PATRICK CONDON
Associated Press
DULUTH, Minn. - Scott Cameron never thought his modest memorial to American troops in Iraq would transform a quiet downtown street here into the latest front in the country's tense debate over the war. Cameron's sign tallying the war's dead and wounded rests just a few feet from the local Army recruiting office, and Cameron's refusal to take it down despite Army requests has drawn national attention. The fuss is giving the Vietnam veteran a chance to air a view he wishes he'd expressed long ago - and, he hopes, to raise some money for veterans besides.

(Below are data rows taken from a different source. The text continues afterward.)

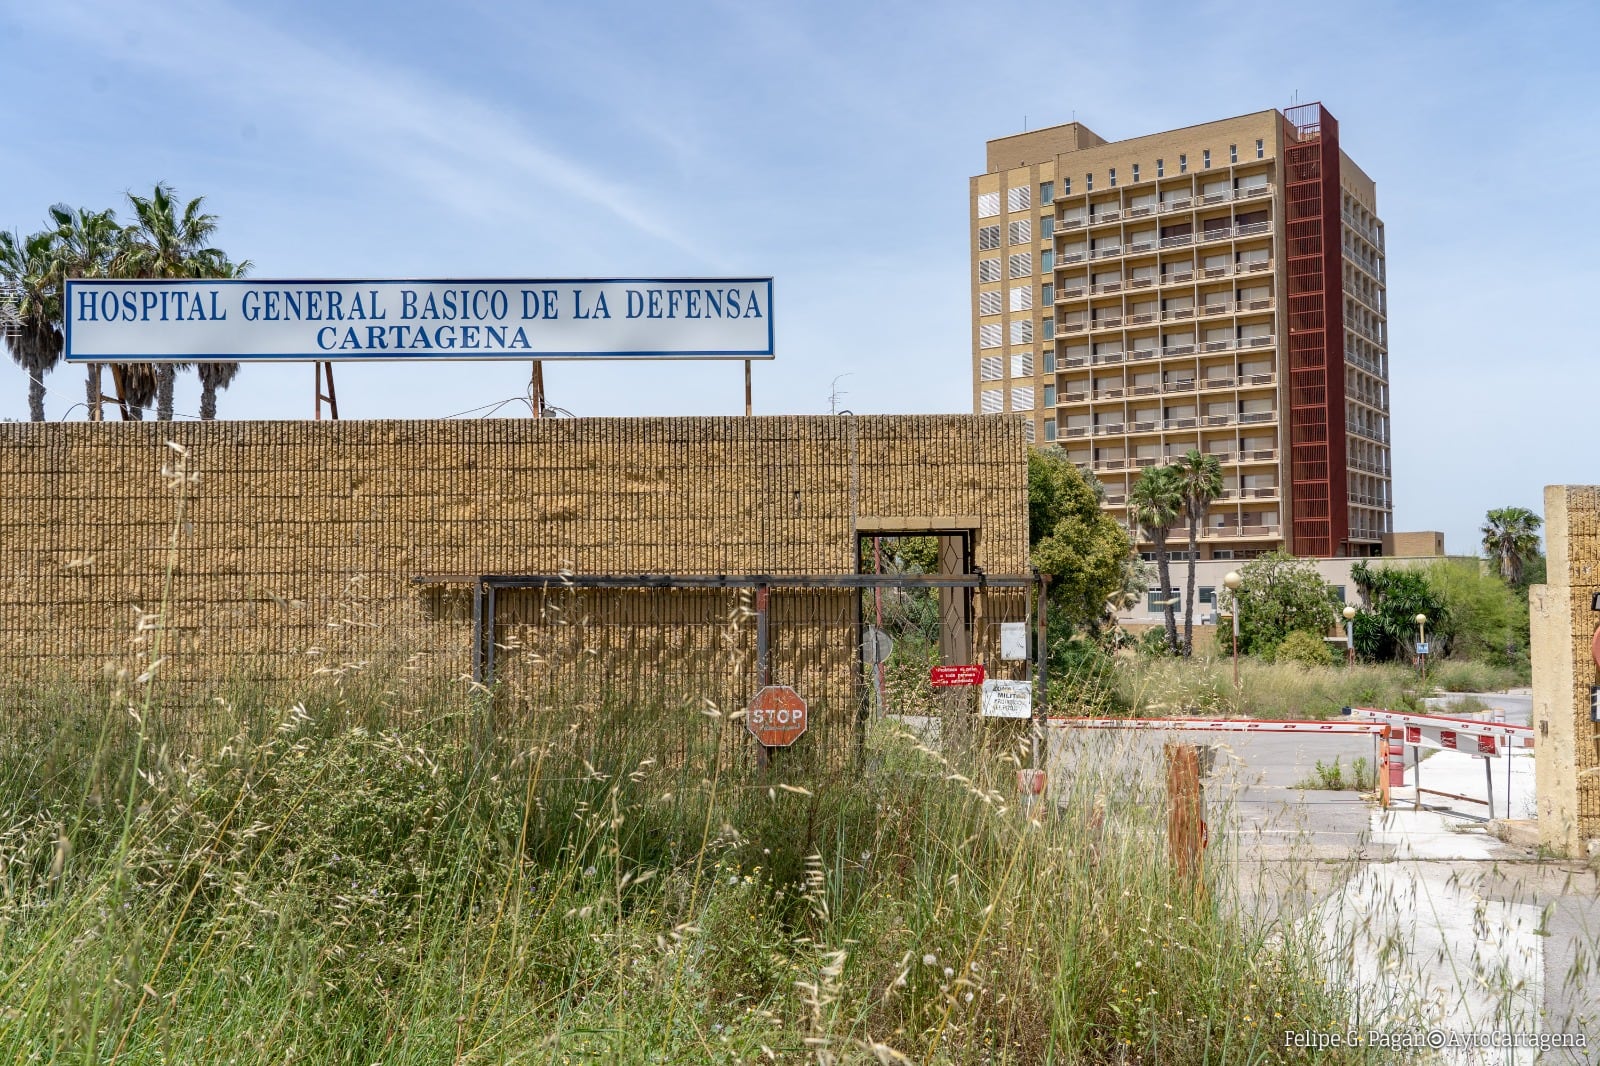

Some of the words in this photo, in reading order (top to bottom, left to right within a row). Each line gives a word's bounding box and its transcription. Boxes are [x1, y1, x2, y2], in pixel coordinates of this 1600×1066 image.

[78, 290, 227, 322] HOSPITAL
[241, 290, 386, 322] GENERAL
[400, 289, 508, 321] BASICO
[521, 289, 559, 320] DE
[572, 289, 612, 320] LA
[625, 288, 763, 319] DEFENSA
[316, 325, 532, 351] CARTAGENA
[752, 709, 803, 724] STOP
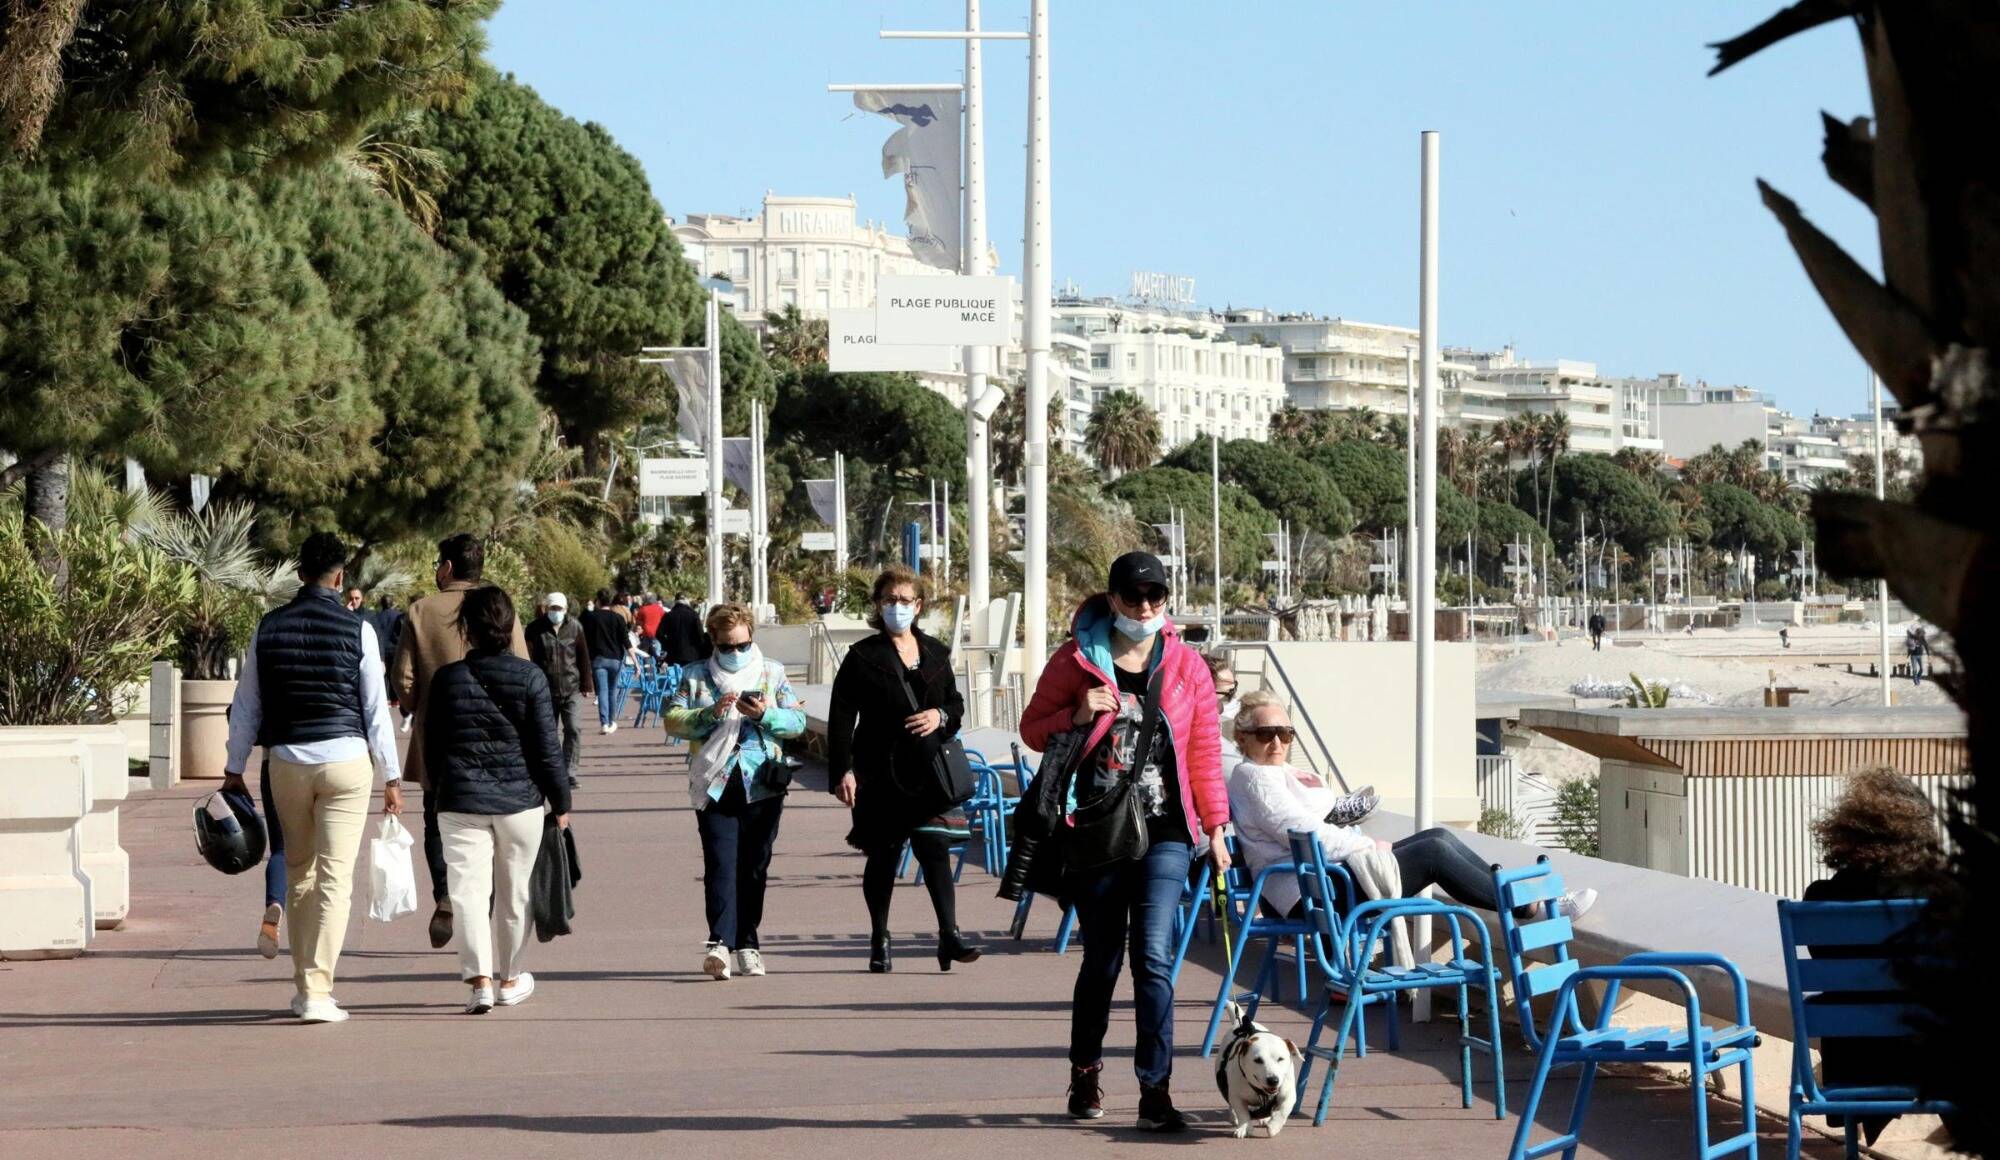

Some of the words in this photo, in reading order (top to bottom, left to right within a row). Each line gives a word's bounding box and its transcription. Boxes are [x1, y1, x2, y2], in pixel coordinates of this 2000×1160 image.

[1134, 272, 1196, 303] MARTINEZ
[890, 298, 931, 309] PLAGE
[935, 299, 996, 309] PUBLIQUE
[843, 335, 877, 344] PLAG

"The way veterans have been treated in this country is shameful," Cameron, an Army veteran, said this week. But his tribute has irritated the half-dozen recruiters who work next door, who dislike the daily reminder of friends lost.
"They're saying, 'Why should we have to look at that? We lost people over there,'" said Staff Sgt. Gary Capan, the post's commander. "It's not just a number to them." Of the seven recruiters in the office, Capan is the only who didn't see action in Iraq. He said he asked for the sign's removal for his colleagues' benefit, not because he feared it would scare off recruits, as some of Cameron's supporters believe.
"You're a young kid and you see those stark numbers, you might realize there's a cost you didn't consider," said Gary Tonkin, a friend and fellow Vietnam veteran who's been helping Cameron juggle media requests this week.